Chi è l’adolescente?
Oggi si corre il rischio di etichettare un ragazzo o una ragazza tra gli 11 e i 18 anni con la frase: “è in piena crisi adolescenziale”. Nel discorso comune l’adolescente viene spesso descritto come viziato, maleducato, pigro, sempre col telefonino in mano, chiuso e a volte anche aggressivo.
Ma queste parole non dicono nulla della singolarità di ogni ragazzo o ragazza. L’essere adolescente si lega inevitabilmente al bambino che si è stati e alla famiglia che ci ha cresciuto.
La vera difficoltà per i giovani è trovare il proprio modo personale di abitare questo nuovo momento di vita, etichettato dalla società e da un sapere comune come adolescenza.

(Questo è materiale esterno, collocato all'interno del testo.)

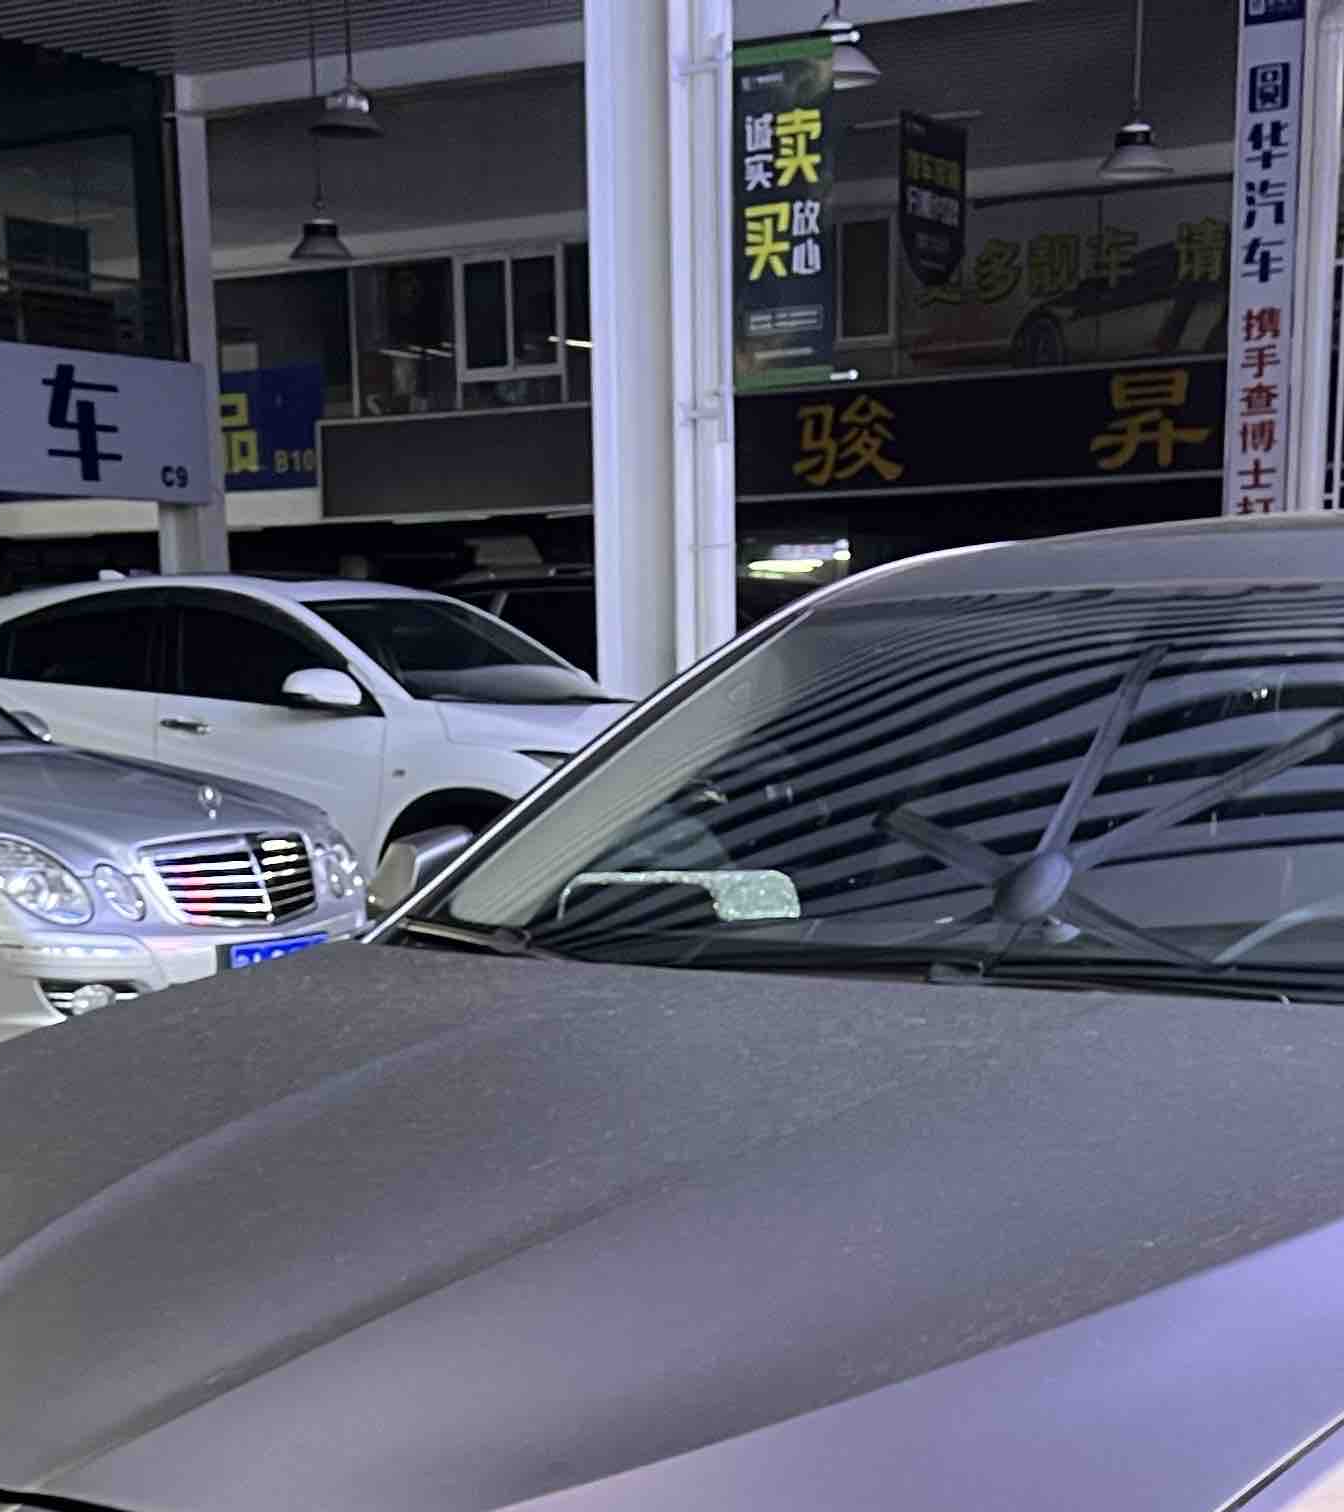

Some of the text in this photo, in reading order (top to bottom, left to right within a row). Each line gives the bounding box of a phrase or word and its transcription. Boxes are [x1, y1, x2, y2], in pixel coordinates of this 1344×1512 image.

[1237, 61, 1291, 284] 圆华汽车
[161, 466, 189, 490] C9

L’adolescenza è piena di cose nuove e di contraddizioni: si esce dall’infanzia, il corpo cambia, cambiano gli ideali infantili e bisogna trovarne di nuovi. Le relazioni cambiano e ci si avvicina sempre di più alla propria singolarità, allentando i legami familiari a favore di nuovi legami.

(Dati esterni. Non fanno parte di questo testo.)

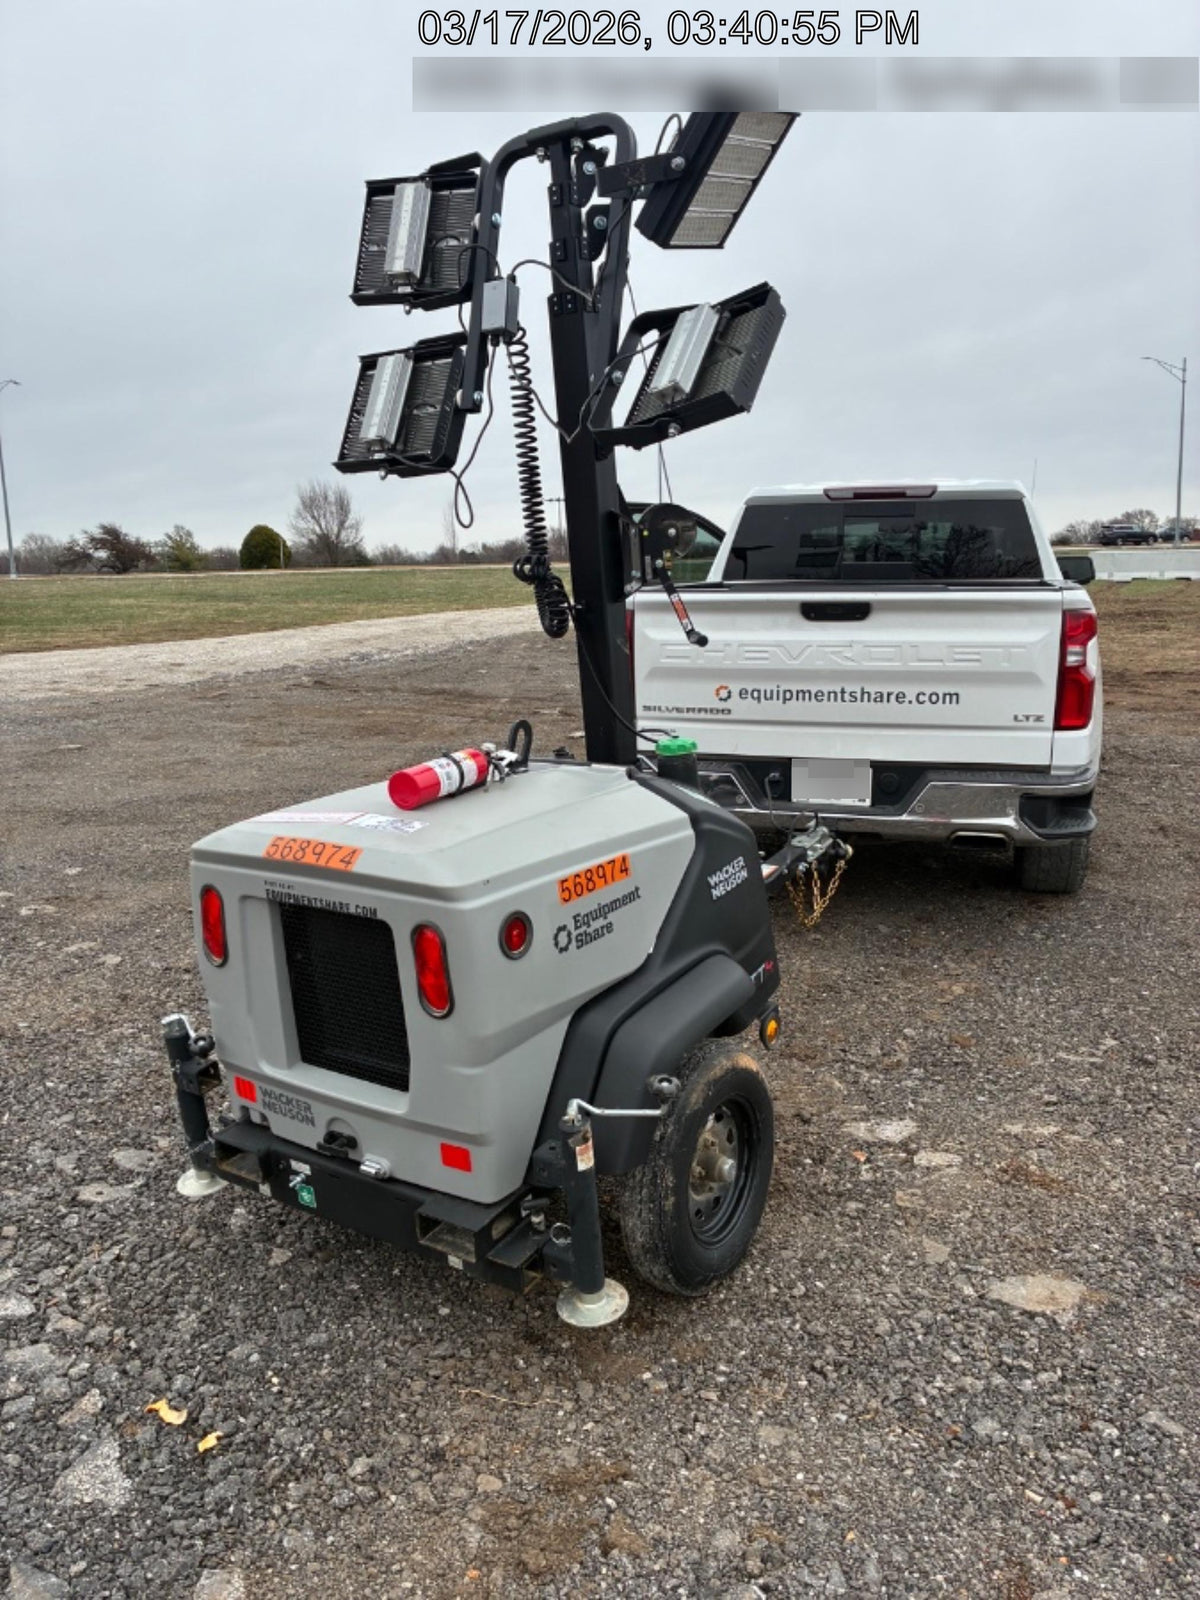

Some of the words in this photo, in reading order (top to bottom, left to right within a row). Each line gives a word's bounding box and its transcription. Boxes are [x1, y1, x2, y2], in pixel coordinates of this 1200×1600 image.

[659, 642, 1028, 667] CHEVROLET
[641, 704, 732, 716] SILVERADO
[738, 684, 961, 706] equipmentshare.com
[1013, 713, 1045, 723] LTZ
[265, 837, 358, 870] 568974
[560, 855, 629, 903] 568974
[707, 856, 746, 887] WACKER
[711, 867, 748, 900] NEUSON
[572, 884, 641, 931] Equipment
[574, 921, 615, 950] Share
[259, 1085, 313, 1116] WACKER
[262, 1099, 317, 1128] NEUSON

Con la psicoterapia si affronta ciò che si rompe o cambia: ciò che fa soffrire. L’ansia, l’inibizione, le dipendenze, l’aggressività, l’impulsività e i problemi col cibo indicano che c’è una difficoltà a fare i conti con il nuovo.
C’è bisogno di un Altro che lo riconosca, per fare spazio alla sua parola e mettere in gioco il proprio desiderio.